Lakeflow helps data teams tackle these challenges by providing an end-to-end data engineering solution on the Data Intelligence Platform. Databricks customers can use Lakeflow for every aspect of data engineering - ingestion, transformation and orchestration. Because all of these capabilities are available as part of a single solution, there is no time spent on complex tool integrations or extra costs to license external tools.
In addition, Lakeflow is built into the Data Intelligence Platform and with this comes consistent ways to deploy, govern and observe all data and AI use cases. For example, for governance, Lakeflow integrates with Unity Catalog, the unified governance solution for the Data Intelligence Platform. Through Unity Catalog, data engineers gain full visibility and control over every part of the data pipeline, allowing them to easily understand where data is being used and root cause issues as they arise.
Whether it is versioning code, deploying CI/CD pipelines, securing data or observing real-time operational metrics, Lakeflow leverages the Data Intelligence Platform to provide a single and consistent place to manage end-to-end data engineering needs.
This past year, we’ve seen strong adoption of Lakeflow Connect with over 2,000 customers using our ingestion connectors to unlock value from their data. One example is Porsche Holding Salzburg who is already seeing the benefits of using Lakeflow Connect to unify their CRM data with analytics to improve the customer experience.
“Using the Salesforce connector from Lakeflow Connect helps us close a critical gap for Porsche from the business side on ease of use and price. On the customer side, we're able to create a completely new customer experience that strengthens the bond between Porsche and the customer with a unified and not fragmented customer journey.”— Lucas Salzburger, Project Manager, Porsche Holding Salzburg
Today, we are expanding the breadth of supported data sources with more built-in connectors for simple, reliable ingestion. Lakeflow’s connectors are optimized for efficient data extraction including using change data capture (CDC) methods customized for each respective data source.
These managed connectors now span enterprise applications, file sources, databases, and data warehouses, rolling out across various release states:
In addition, a common use case we see from customers is ingesting real-time event data, typically with message bus infrastructure hosted outside their data platform. To make this use case simple on Databricks, we are announcing Zerobus, a Lakeflow Connect API that allows developers to write event data directly to their lakehouse at very high throughput (100 MB/s) with near real-time latency (<5 seconds). This streamlined ingestion infrastructure provides performance at scale and is unified with the Databricks Platform so you can leverage broader analytics and AI tools right away.
“Joby is able to use our manufacturing agents with Zerobus to push gigabytes a minute of telemetry data directly to our lakehouse, accelerating the time to insights - all with Databricks Lakeflow and the Data Intelligence Platform.”— Dominik Müller, Factory Systems Lead, Joby Aviation Inc.
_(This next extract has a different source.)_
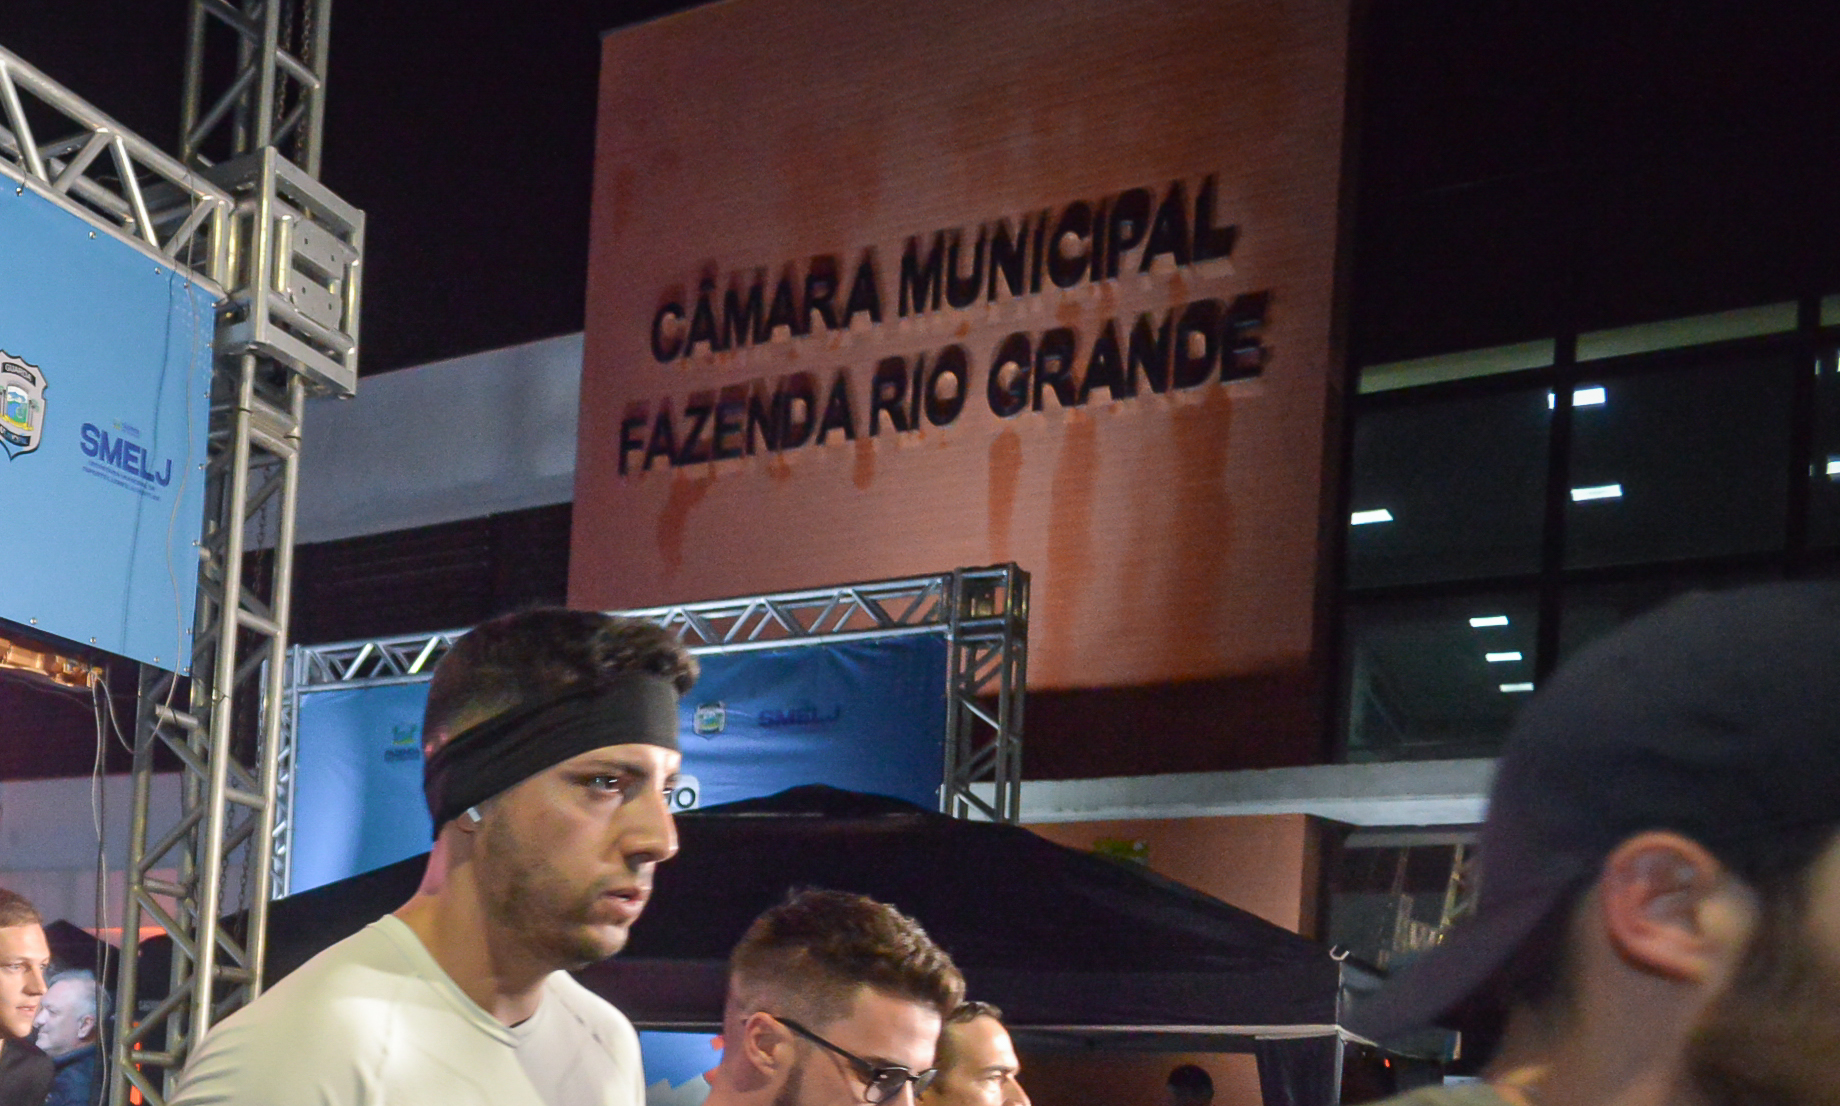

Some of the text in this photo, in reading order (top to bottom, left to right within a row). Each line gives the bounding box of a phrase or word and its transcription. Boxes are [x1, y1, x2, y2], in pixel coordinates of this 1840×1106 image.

After years of operating and evolving DLT with thousands of customers across petabytes of data, we’ve taken everything we learned and created a new open standard: Spark Declarative Pipelines. This is the next evolution in pipeline development - declarative, scalable, and open.
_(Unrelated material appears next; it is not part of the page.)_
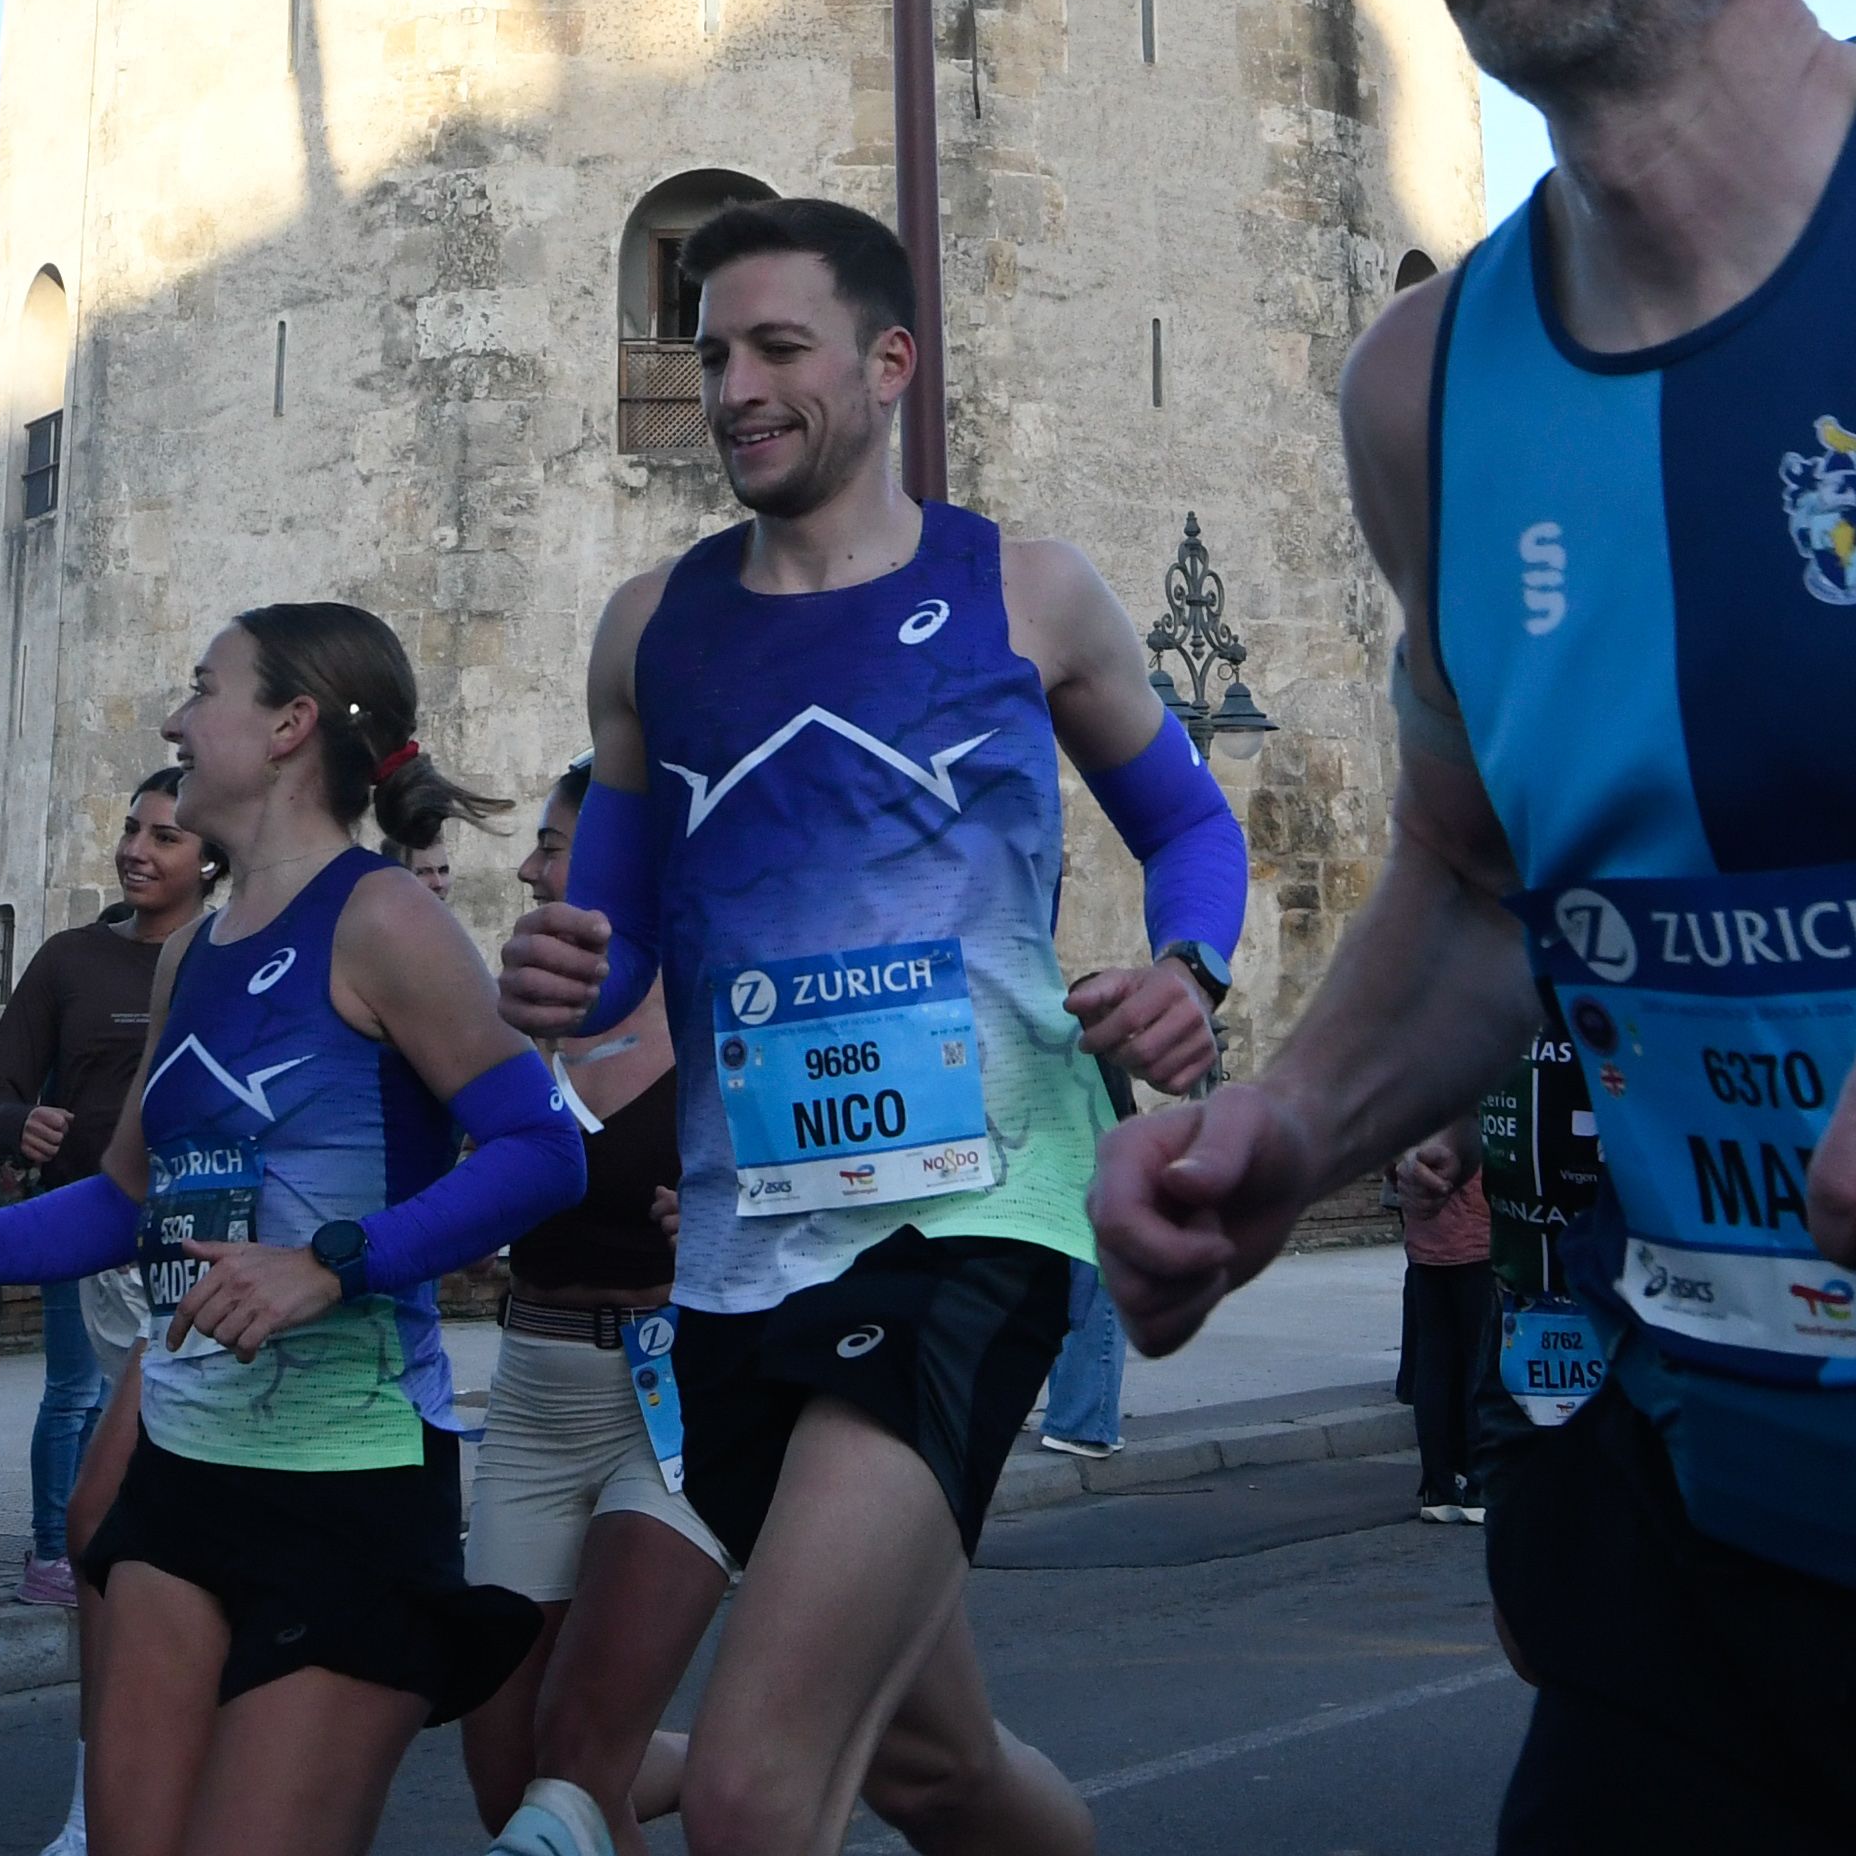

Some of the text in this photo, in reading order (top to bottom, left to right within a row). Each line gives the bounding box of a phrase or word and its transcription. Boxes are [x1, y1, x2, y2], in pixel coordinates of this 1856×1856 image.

And today, we’re excited to announce the General Availability of Lakeflow Declarative Pipelines, bringing the power of Spark Declarative Pipelines to the Databricks Data Intelligence Platform. It’s 100% source-compatible with the open standard, so you can develop pipelines once and run them anywhere. It’s also 100% backward-compatible with DLT pipelines, so existing users can adopt the new capabilities without rewriting anything. Lakeflow Declarative Pipelines are a fully managed experience on Databricks: hands-off serverless compute, deep integration with Unity Catalog for unified governance, and a purpose-built IDE for Data Engineering.
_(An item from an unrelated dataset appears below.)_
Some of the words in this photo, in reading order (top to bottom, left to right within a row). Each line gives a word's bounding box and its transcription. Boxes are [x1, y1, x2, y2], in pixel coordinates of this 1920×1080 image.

The new IDE for Data Engineering is a modern, integrated environment built to streamline the pipeline development experience. It includes
“The new editor brings everything into one place - code, pipeline graph, results, configuration, and troubleshooting. No more juggling browser tabs or losing context. Development feels more focused and efficient. I can directly see the impact of each code change. One click takes me to the exact error line, which makes debugging faster. Everything connects - code to data; code to tables; tables to the code. Switching between pipelines is easy, and features like auto-configured utility folders remove complexity. This feels like the way pipeline development should work.”— Chris Sharratt, Data Engineer, Rolls-Royce
Lakeflow Declarative Pipelines are now the unified way to build scalable, governed, and continuously optimized pipelines on Databricks - whether you’re working in code or visually through the Lakeflow Designer, a new no-code experience that enables data practitioners of any technical skill to build reliable data pipelines.
Databricks Workflows has long been trusted to orchestrate mission-critical workflows, with thousands of customers relying on our platform for pipelines to run over 110 million jobs every week. With the GA of Lakeflow, we’re evolving Workflows into Lakeflow Jobs, unifying this mature, native orchestrator with the rest of the data engineering stack.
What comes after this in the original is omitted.